I'm redefining my identity, within myself and in my professional life. I'm redefining my future, what I want and who I want to be. I'm redefining what I'm happy with and learning about what does not vibe with me. I'm learning, shedding, filtering and releasing the old shit. I'm taking on new layers, more love and happiness, less stress and bullshit. I'm re-defining what I want to attract into my life. It's a wildly transformative time ... in the last few months, I've gotten drastically more sensitive to dairy, meat and sugar. I've always had a gluten insensitivity as outwardly displayed by the chicken skin on my upper arms. I continue to drink dairy once or twice a week in my coffee because I don't want to develop a complete intolerance of it, but my body is telling me otherwise. These foods aren't vibing with me any longer. The vibrational frequency of foods, material objects, people, plants, animals, places, music, movies, art, body products, chemicals, water, moods, emotions, feelings ... it all matters. It all fucking matters. The more we become aware of this, the more we learn, the better we become. This same principle explains why some people just creep us out, or on the other side, we just love being in the presence of, right off the bat. Intuition tells us to go a different way to avoid a wreck. Intuition tells us to get out of that enclosed metal box (elevator) with that guy that doesn't seem quite right. Our human mind tries to rationalize it out and tells us it's fine, don't be too sensitive.

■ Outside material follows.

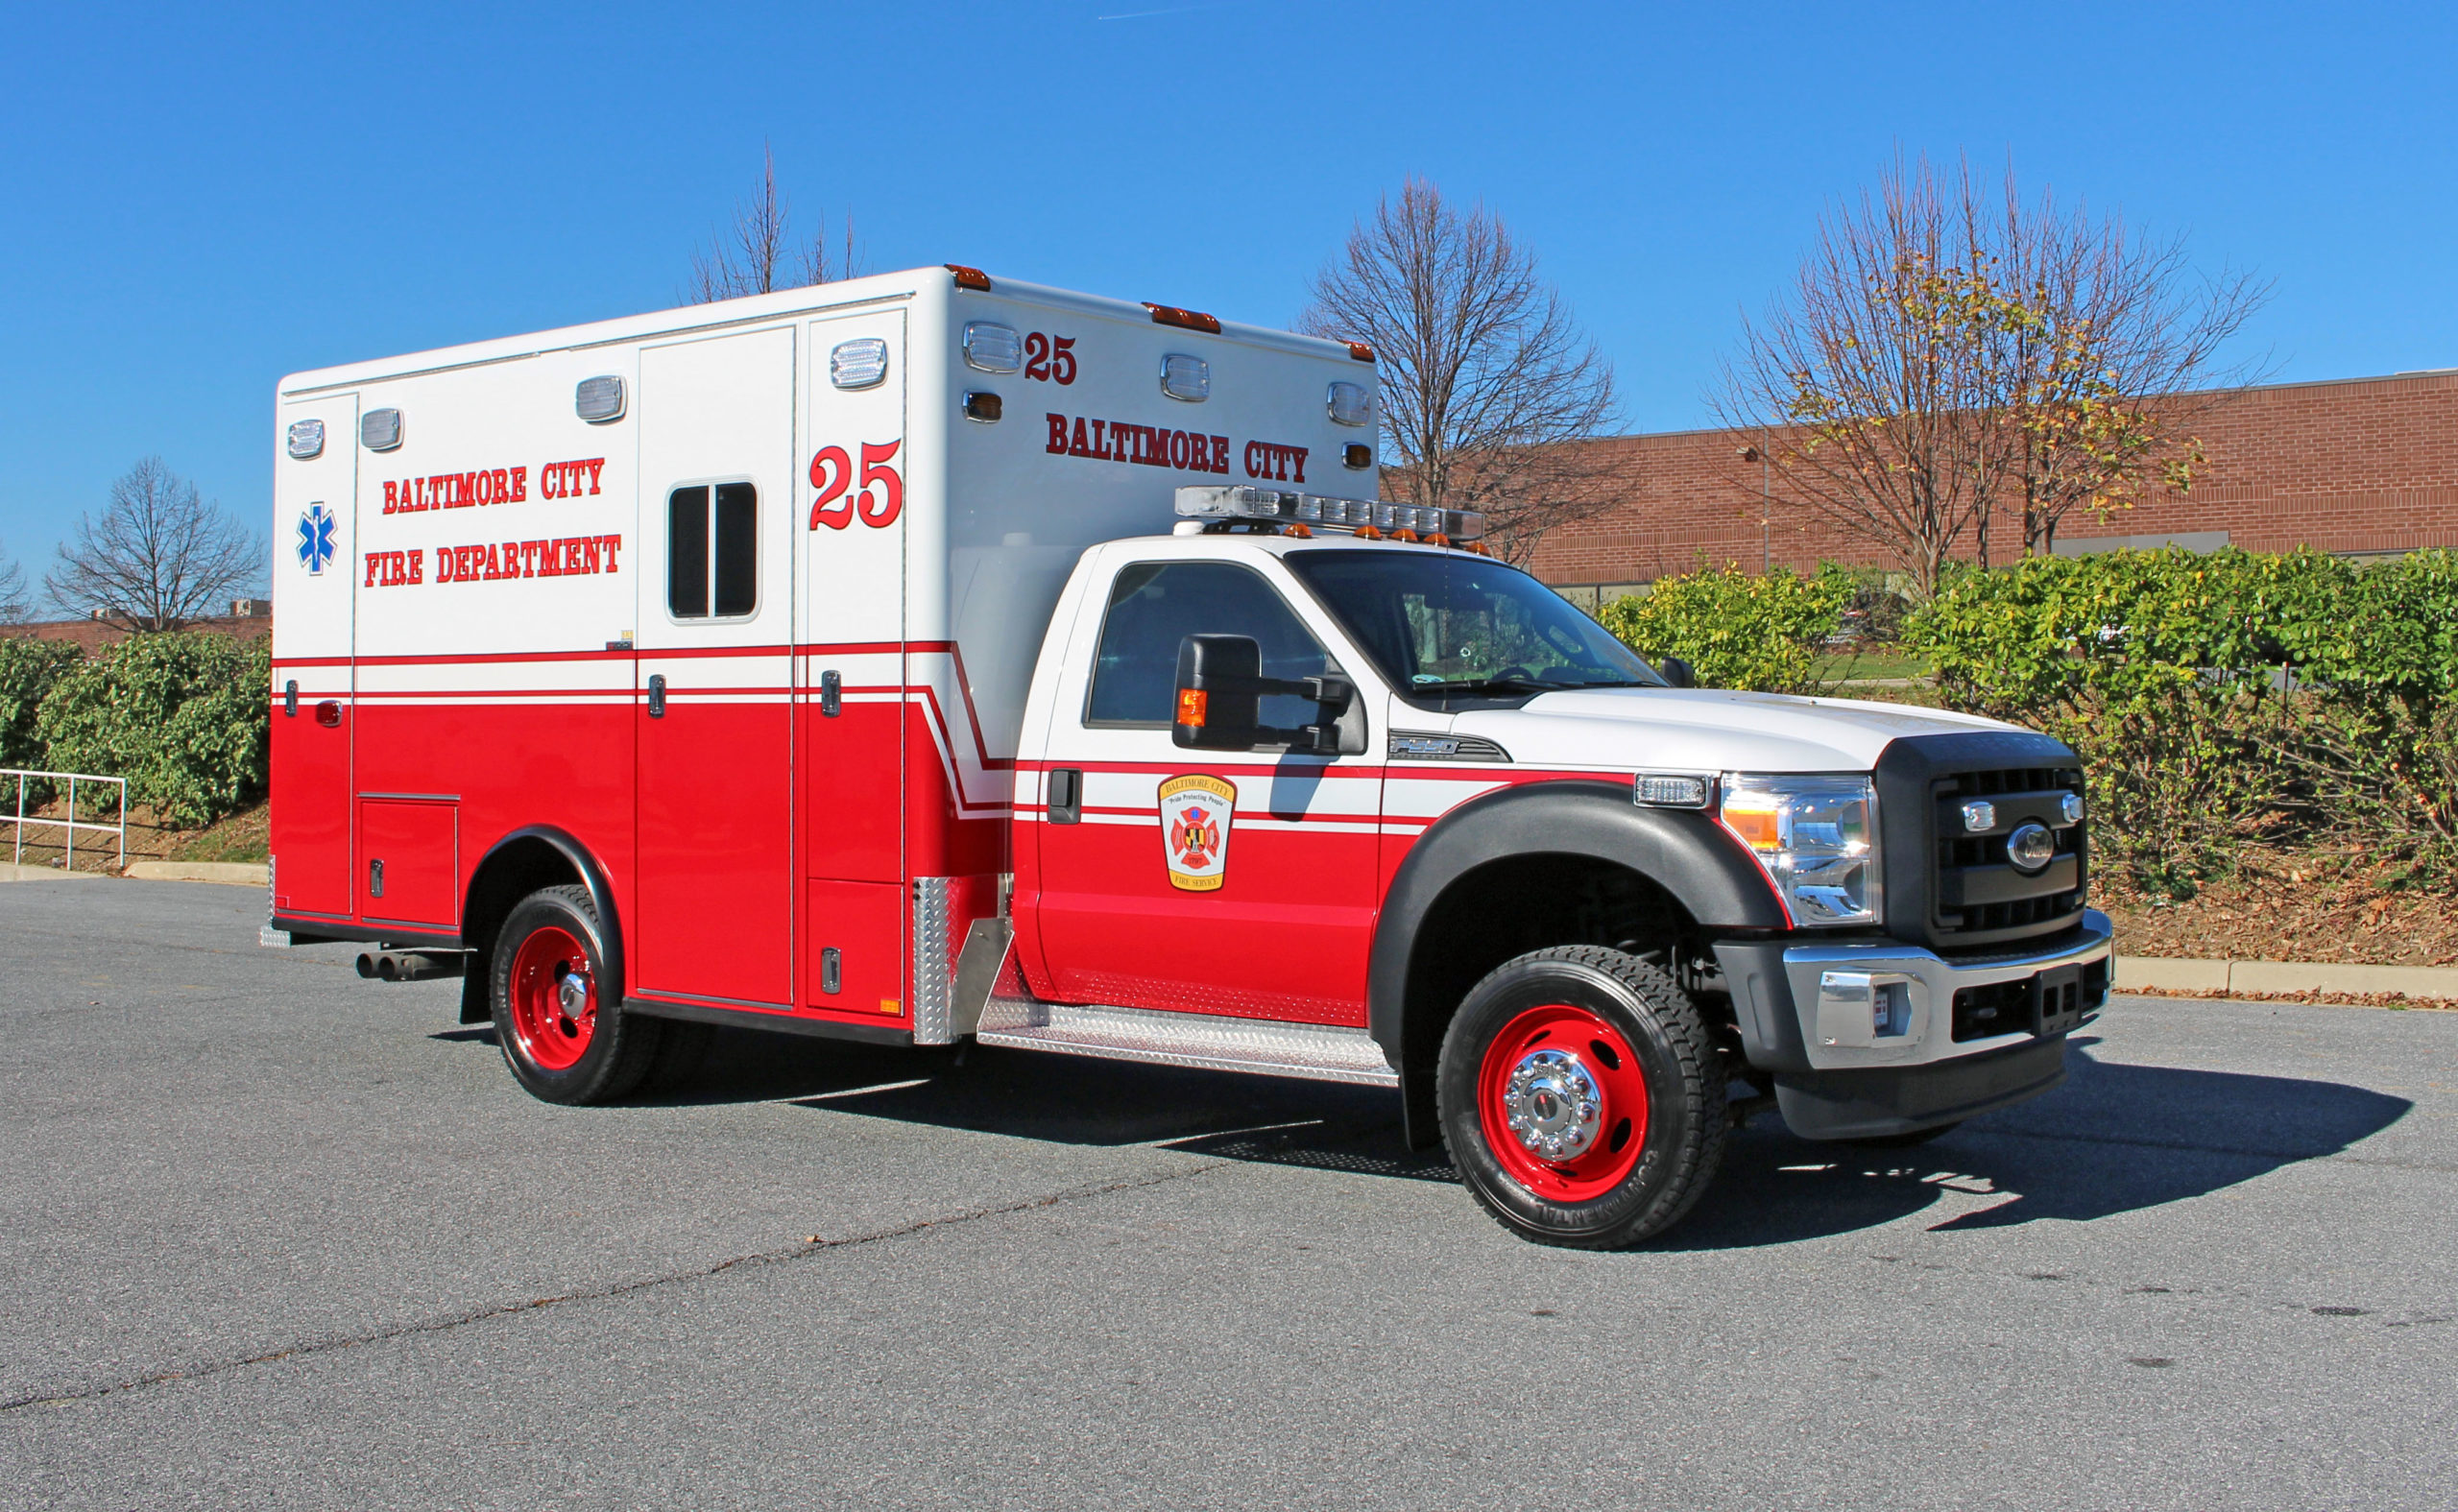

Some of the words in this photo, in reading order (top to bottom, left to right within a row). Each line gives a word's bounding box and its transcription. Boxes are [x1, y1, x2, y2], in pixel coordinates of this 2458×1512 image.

Actually, you know what, DO BE TOO SENSITIVE. Be aware of your body, listen to what it's telling you. Be aware of your surroundings, of who you are spending time with and what you're spending your time, money and energy doing, eating, thinking about, planning. Maybe wasting time isn't actually what we think it is. Wasting time to me is doing something I don't give a single fuck about. Going to Wal-Mart, dollar stores, Hobby Lobby, church, watching sports, watching just about anything on TV, gossiping, talking about sports, black Friday shopping, hunting, drinking, going to bars and clubs ... you get the point. Your list might look wildly different, and that's wonderful. The point is to be able to define your list so you know what you don't give a fuck about to allow resources for what you do give fucks about. Reading, writing, conversations with depth, spending time with my dogs, traveling, cooking, drinking coffee, learning, experiencing things that bring me joy, development, happiness, excitement, challenging up, etc. 

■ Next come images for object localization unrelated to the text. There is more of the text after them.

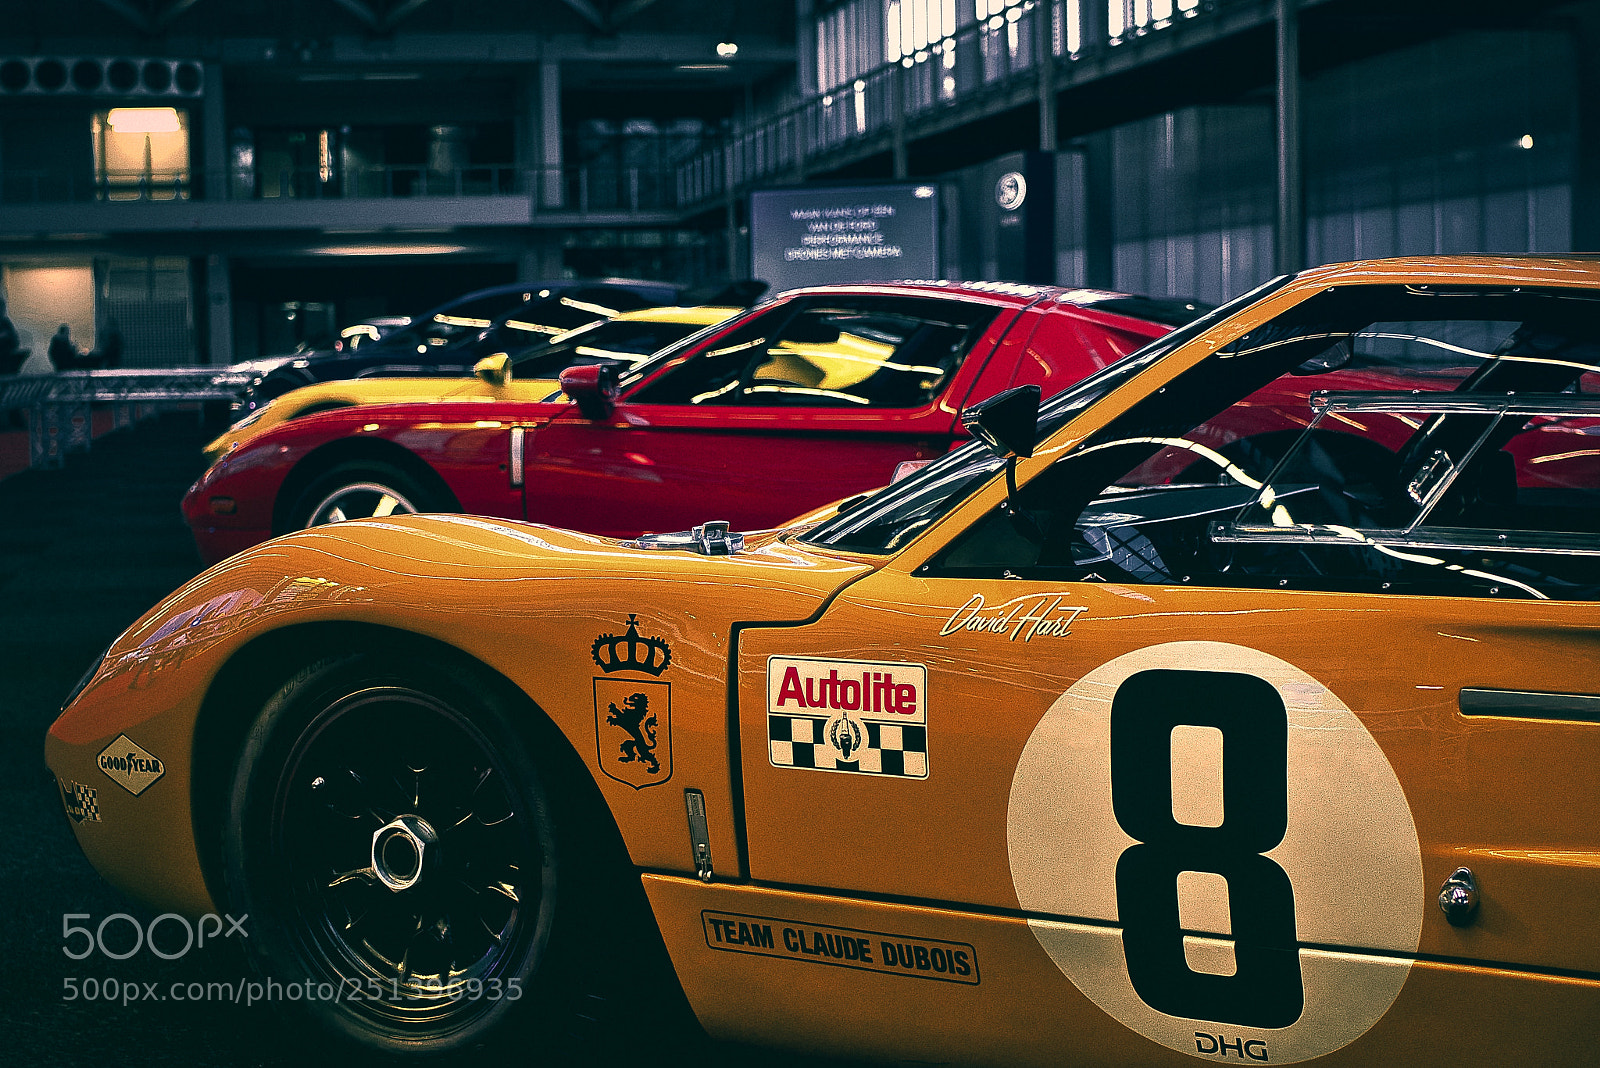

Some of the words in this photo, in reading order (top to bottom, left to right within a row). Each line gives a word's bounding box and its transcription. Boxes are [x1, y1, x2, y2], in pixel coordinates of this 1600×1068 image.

[939, 593, 1024, 636] David
[1009, 596, 1089, 642] Hart
[777, 666, 917, 715] Autolite
[100, 753, 161, 775] GOODYEAR
[1111, 669, 1305, 1030] 8
[708, 917, 775, 949] TEAM
[783, 927, 873, 964] CLAUDE
[880, 941, 971, 976] DUBOIS
[1194, 1031, 1269, 1062] DHG

While I'm learning all of this, I'm still mentally and egotistically hard on myself with expectations of what I SHOULD be doing, SHOULD have done and SHOULD have accomplished by now. By some measures, I'm doing okay. By others, quite well. And the ones that are put on us by society, I'm way behind the American Dream's requirements for a happy life. I'm 33 and single, I rent my primary residence and have 0 human children. I unsubscribed to this ideology about 10 years ago when I decided to not own a TV or subscribe to cable any longer. BOOM! Take THAT, society! 

I've said all that to say this. Time is not wasted if it's doing something you enjoy, and brings you happiness. It's not time wasted if you're learning and growing, shedding and releasing, resting and powering up for the next big wave to come.